● Information shown
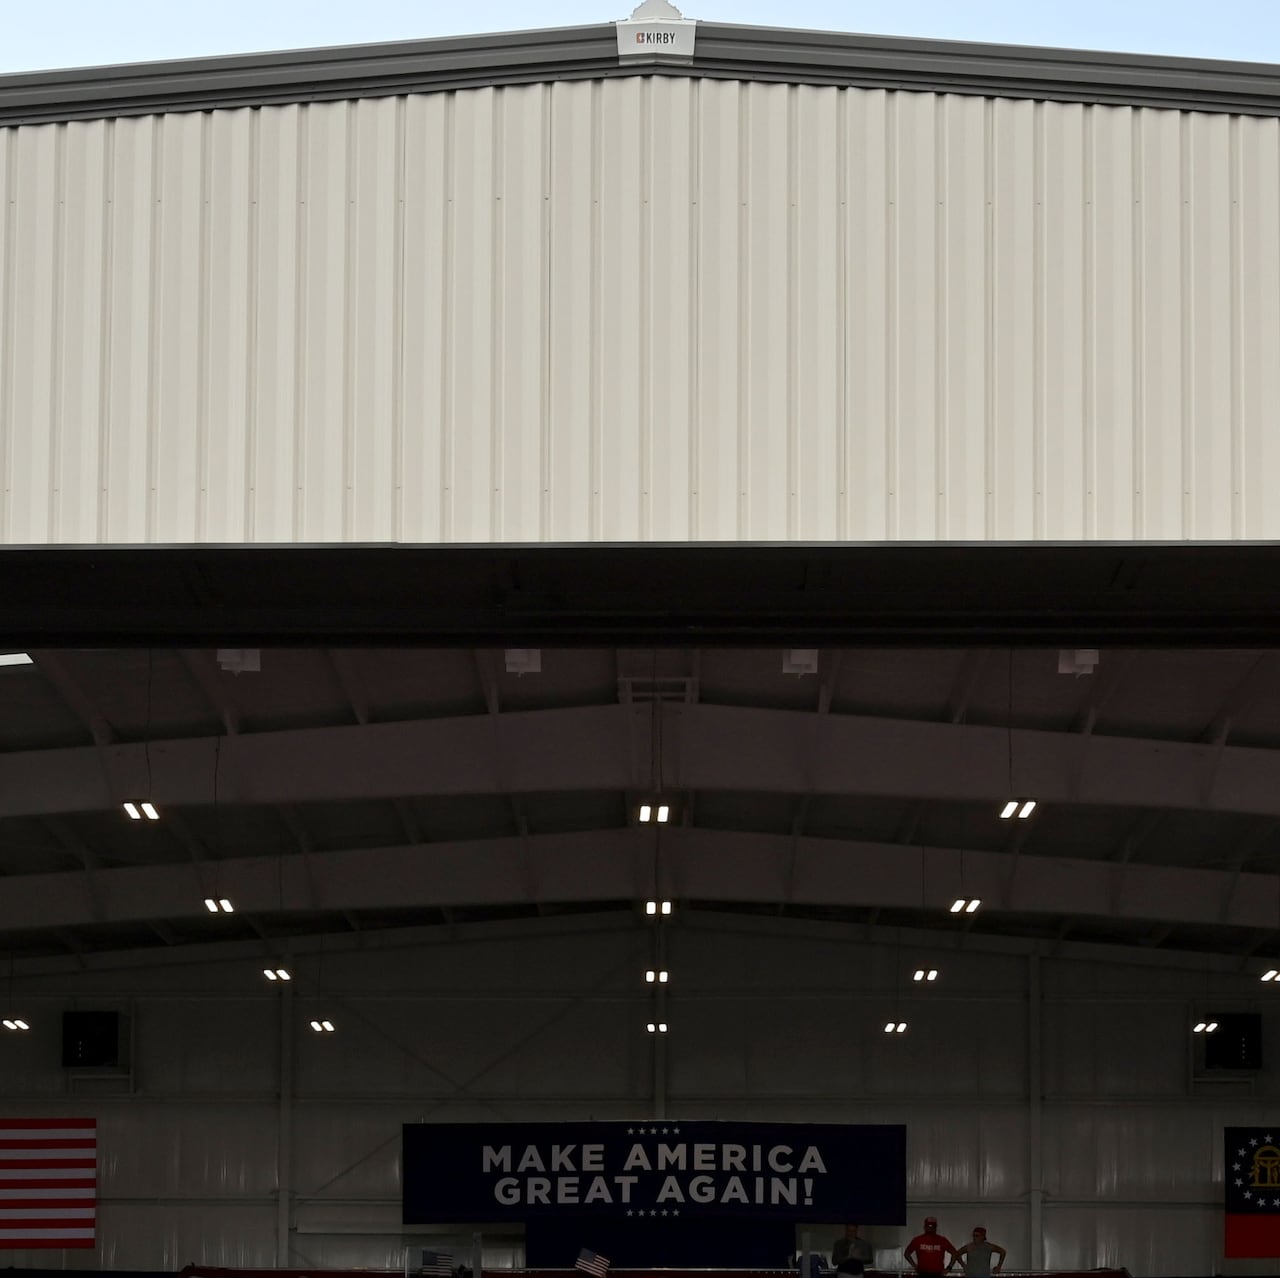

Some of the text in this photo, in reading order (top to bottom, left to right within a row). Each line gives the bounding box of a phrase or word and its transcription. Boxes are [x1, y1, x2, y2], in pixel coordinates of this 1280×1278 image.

[646, 33, 675, 44] KIRBY
[483, 1143, 828, 1173] MAKE AMERICA
[494, 1175, 814, 1206] GREAT AGAIN!
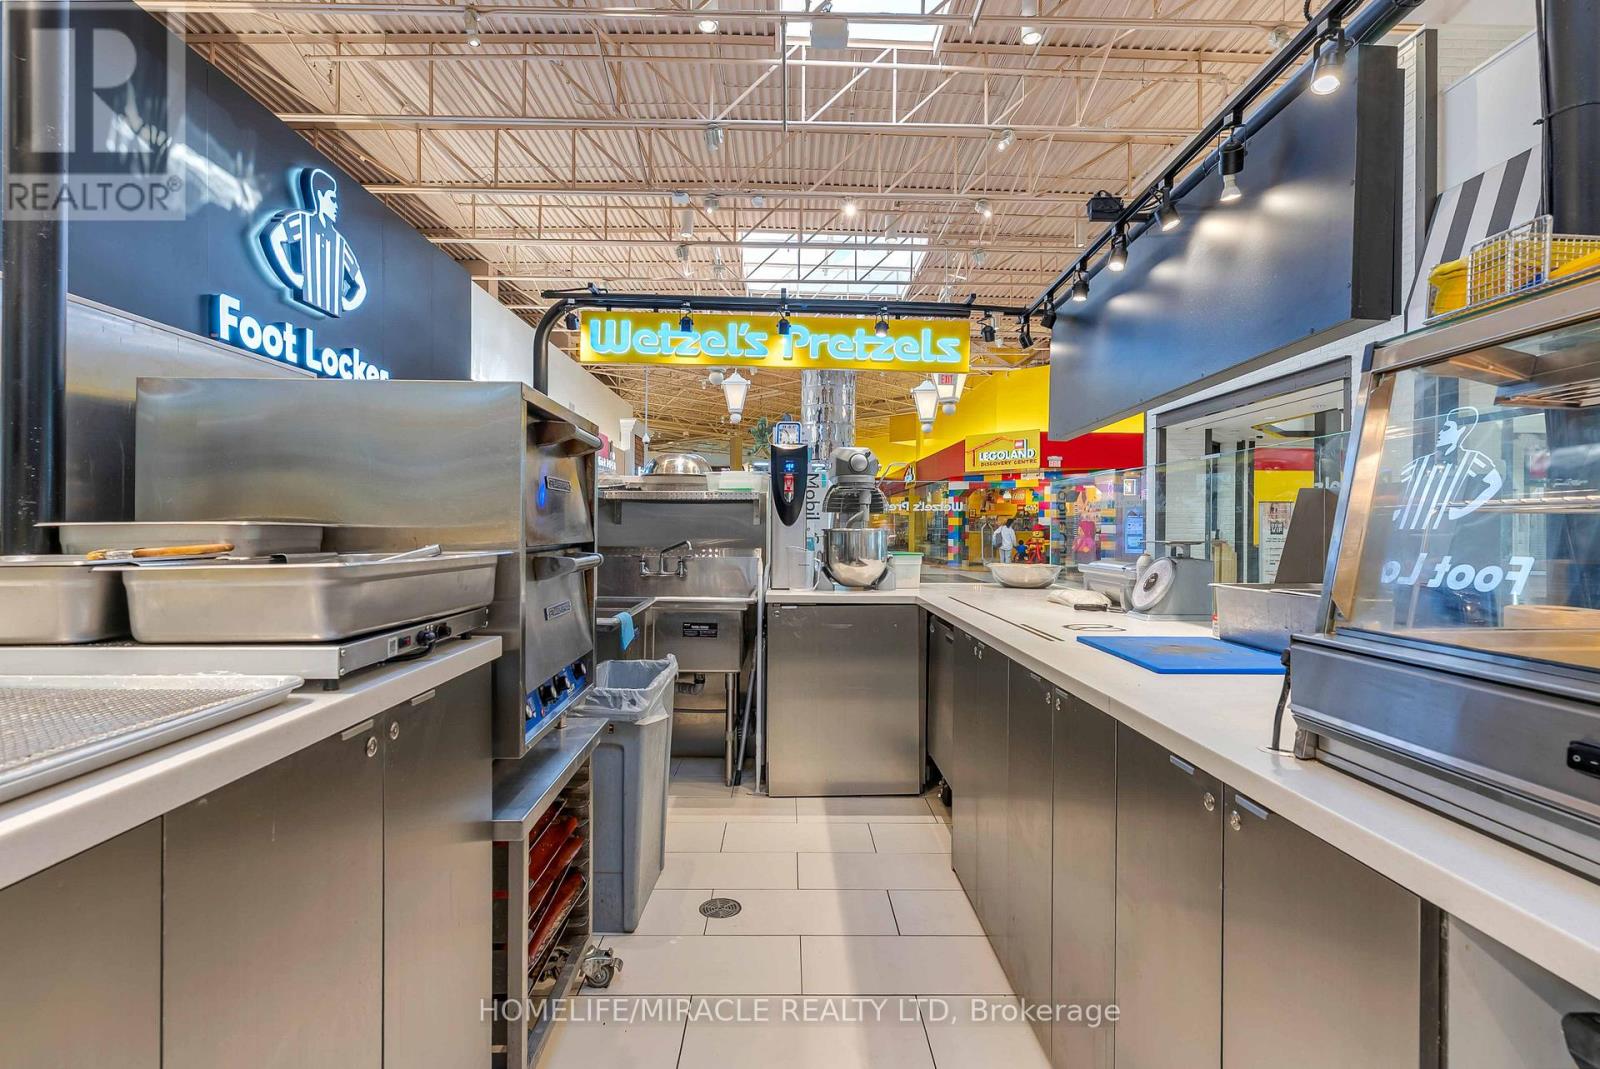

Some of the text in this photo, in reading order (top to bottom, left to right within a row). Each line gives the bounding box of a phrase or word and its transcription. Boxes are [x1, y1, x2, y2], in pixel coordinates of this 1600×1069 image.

● The problem
Copy out the data above exactly, except the pictures.

● Answer space
Some of the text in this photo, in reading order (top to bottom, left to right within a row). Each line gives the bounding box of a phrase or word and its transcription. Boxes are [x1, y1, x2, y2], in pixel coordinates of this 1280×1278 image.

[646, 33, 675, 44] KIRBY
[483, 1143, 828, 1173] MAKE AMERICA
[494, 1175, 814, 1206] GREAT AGAIN!

Some of the text in this photo, in reading order (top to bottom, left to right within a row). Each line gives the bounding box of a phrase or word and its transcription. Boxes are [x1, y1, x2, y2], in pixel coordinates of this 1600×1069 image.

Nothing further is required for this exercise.